Dr. Anthony Fauci, President Joe Biden's chief medical adviser, says omicron, first discovered in South Africa last month, "almost certainly is not more severe" than delta.
"There is some suggestion that it might even be less severe," Fauci told Agence France-Presse this week. "When you look at some of the cohorts that are being followed in South Africa, the ratio between the number of infections and the number of hospitalizations seems to be less than with delta."
The delta surge has been driven by a combination of the late fall's colder weather, holiday gatherings, increased travel and pandemic fatigue. A failure to vaccinate a larger portion of the population also is playing a role. More than 35% of eligible Americans, including 28% of adults, still aren't fully vaccinated.

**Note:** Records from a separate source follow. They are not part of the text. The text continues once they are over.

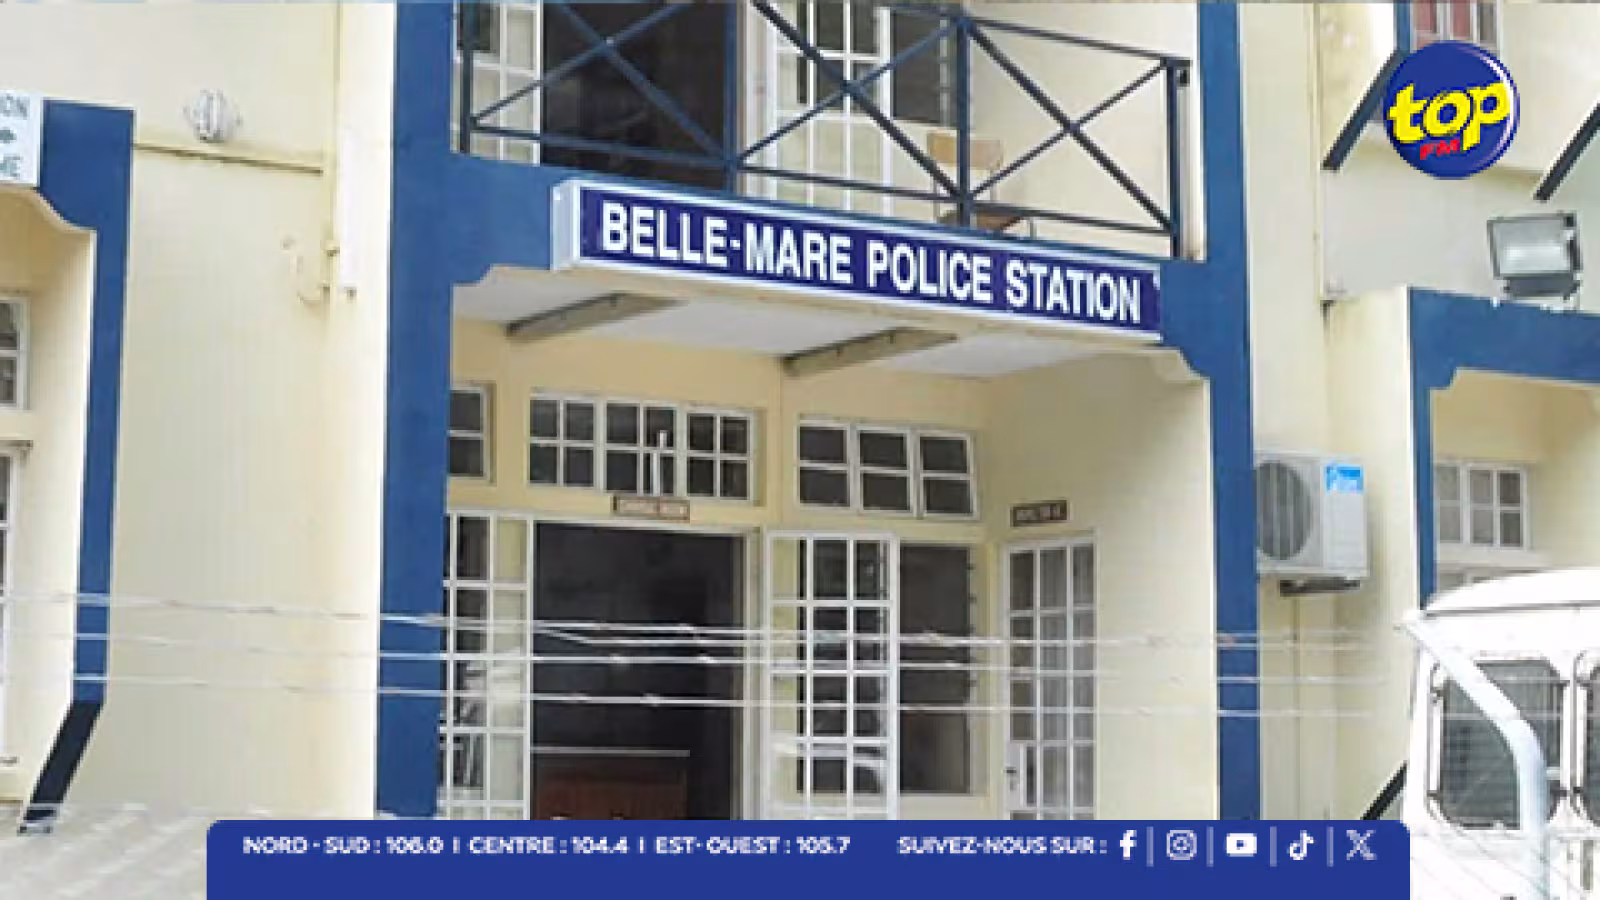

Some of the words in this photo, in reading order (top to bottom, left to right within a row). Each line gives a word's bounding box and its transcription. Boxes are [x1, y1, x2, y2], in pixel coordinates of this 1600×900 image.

[602, 199, 853, 284] BELLE-MARE
[866, 239, 993, 303] POLICE
[1006, 258, 1141, 324] STATION
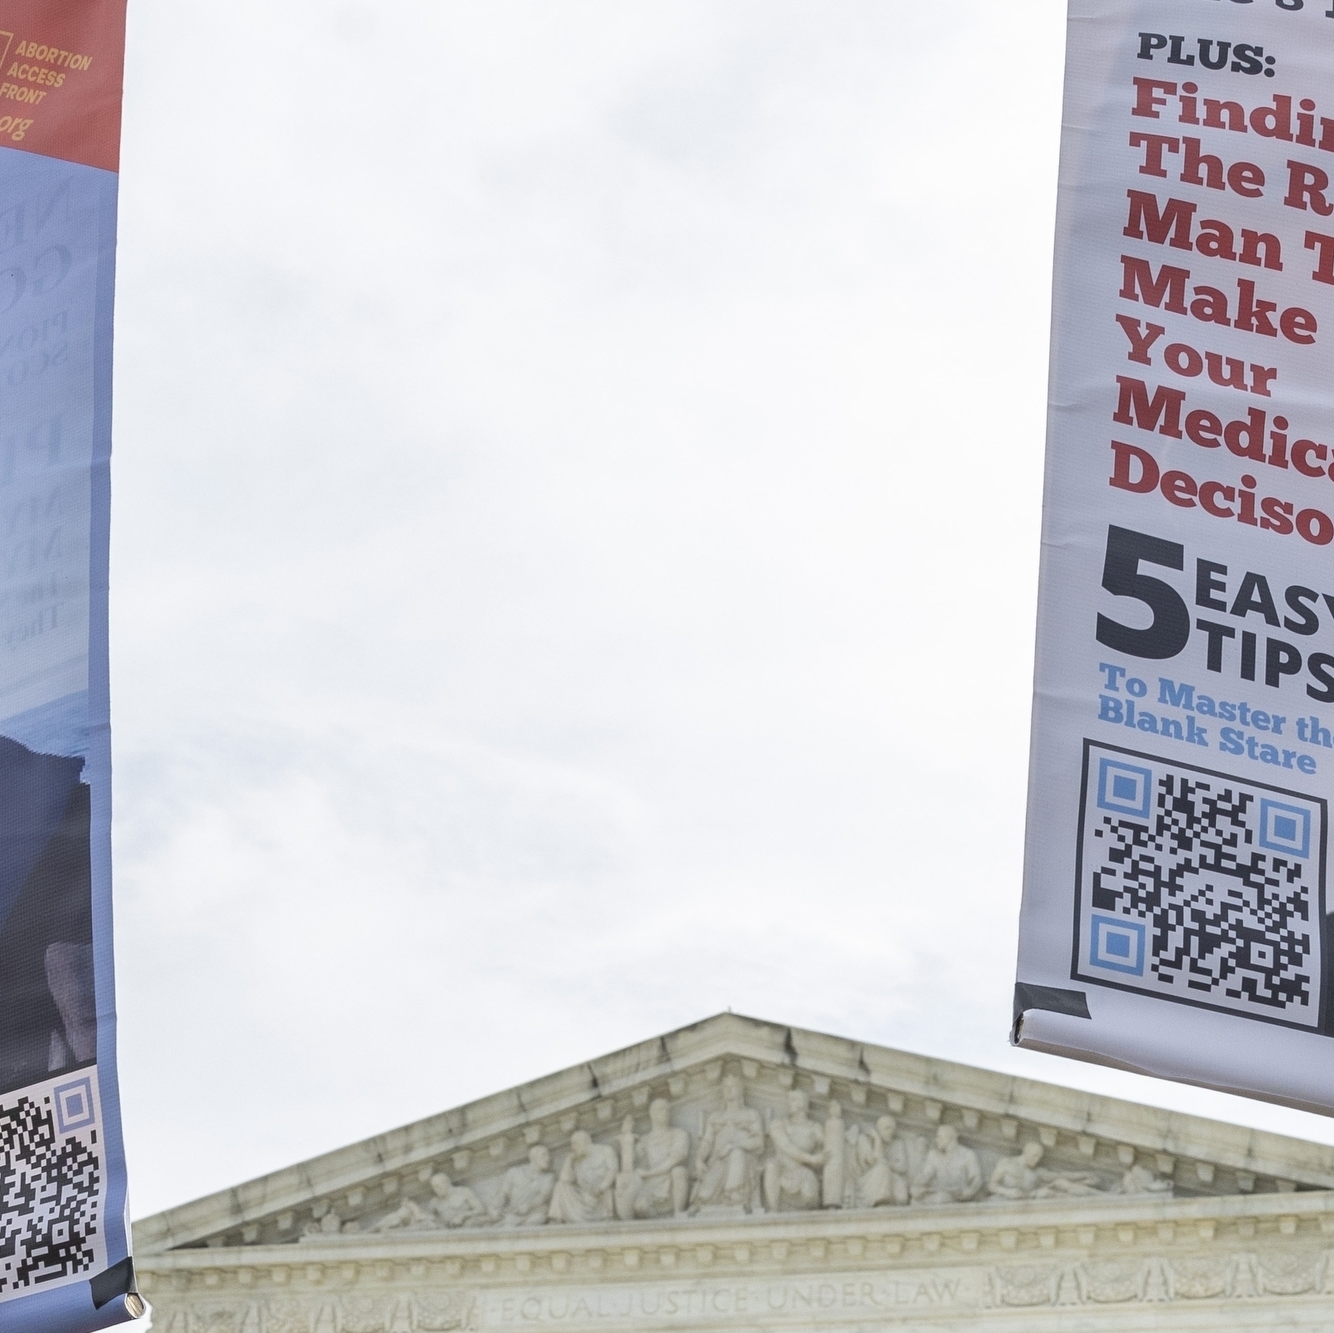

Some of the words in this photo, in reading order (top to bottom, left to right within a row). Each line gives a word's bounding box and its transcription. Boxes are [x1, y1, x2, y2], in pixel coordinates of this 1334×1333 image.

[7, 61, 66, 88] ACCESS
[15, 40, 92, 71] ABORTION
[1137, 32, 1276, 77] PLUS:
[1129, 131, 1265, 198] The
[1123, 188, 1283, 272] Man
[1118, 253, 1318, 346] Make
[1114, 312, 1278, 398] Your
[1095, 523, 1190, 660] 5
[1098, 662, 1148, 698] To
[1157, 676, 1286, 735] Master
[1098, 694, 1208, 748] Blank
[1219, 728, 1317, 775] Stare
[501, 1295, 611, 1322] EQUAL
[620, 1287, 749, 1317] JUSTICE
[768, 1281, 883, 1310] UNDER
[894, 1278, 960, 1305] LAW

The result: New cases in the U.S. climbed from an average of nearly 95,000 a day on Nov. 22 to almost 119,000 a day this week, and hospitalizations are up 25% from a month ago. The increases are almost entirely from the delta variant, though omicron has been confirmed in at least 21 states and is sure to spread even more.

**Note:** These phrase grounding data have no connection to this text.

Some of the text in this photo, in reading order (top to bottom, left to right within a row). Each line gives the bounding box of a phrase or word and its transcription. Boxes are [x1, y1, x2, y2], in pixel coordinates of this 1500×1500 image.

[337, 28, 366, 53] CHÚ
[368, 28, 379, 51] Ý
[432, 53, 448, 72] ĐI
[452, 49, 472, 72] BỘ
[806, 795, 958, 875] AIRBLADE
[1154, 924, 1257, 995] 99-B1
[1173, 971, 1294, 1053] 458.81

Deaths are running close to 1,600 a day on average, back up to where they were in October. And the overall U.S. death toll less than two years into the pandemic figures to hit the 800,000 milestone in a matter of days.
Also in the news:
►A Massachusetts man who used stolen identities to fraudulently apply for pandemic-related unemployment benefits has been sentenced to more than three years in prison. Wagner Sozi, 33, was also ordered to pay about $110,000 in forfeiture and restitution, the U.S. attorney’s office in Boston announced.
►About 34,000 students have yet to comply with Los Angeles Unified School District's COVID-19 vaccine mandate. Non-vaccinated students will either have to enroll in the district’s independent study program or leave L.A.'s public school system.

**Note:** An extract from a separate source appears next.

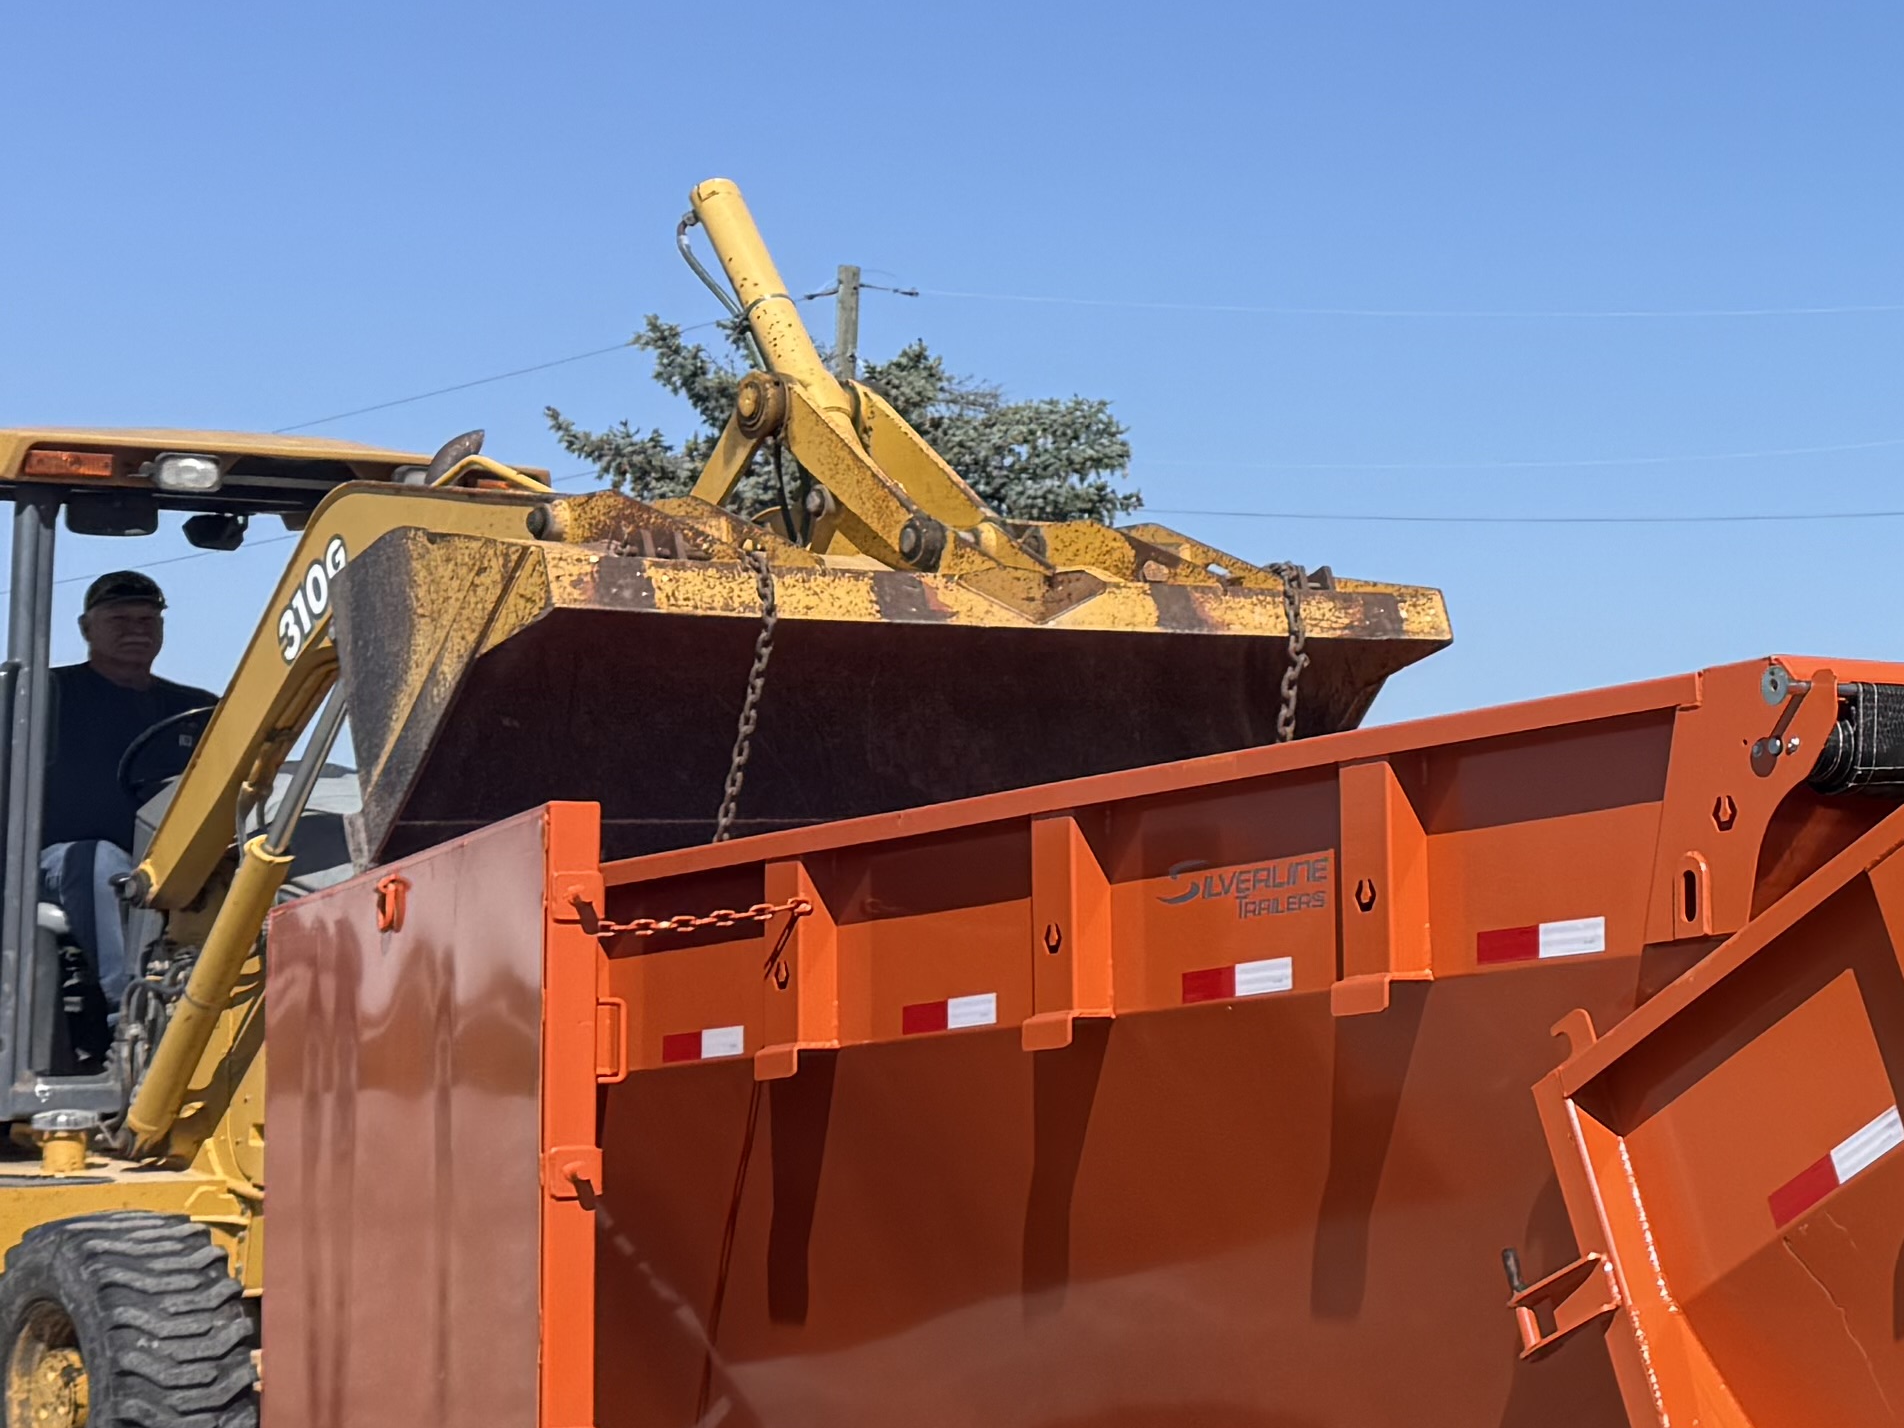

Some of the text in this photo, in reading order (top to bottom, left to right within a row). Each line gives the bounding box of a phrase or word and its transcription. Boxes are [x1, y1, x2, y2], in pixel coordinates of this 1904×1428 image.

[278, 536, 347, 662] 310G
[1157, 858, 1329, 904] SILVERLINE
[1236, 891, 1326, 919] TRAILERS

►More than 40 people in the U.S. have been found to be infected with the omicron variant so far, and more than three-quarters of them had been vaccinated, the CDC said Wednesday.
📈Today's numbers: The U.S. has recorded more than 49.5 million confirmed COVID-19 cases and more than 793,000 deaths, according to Johns Hopkins University data. Global totals: More than 268 million cases and 5.2 million deaths. More than 200 million Americans – 60% of the population – are fully vaccinated, according to the CDC.
📘What we're reading: The COVID-19 pandemic, as a health emergency accompanied by disruption and isolation for families and children, has aggravated mental health issues for both adults and children, research shows.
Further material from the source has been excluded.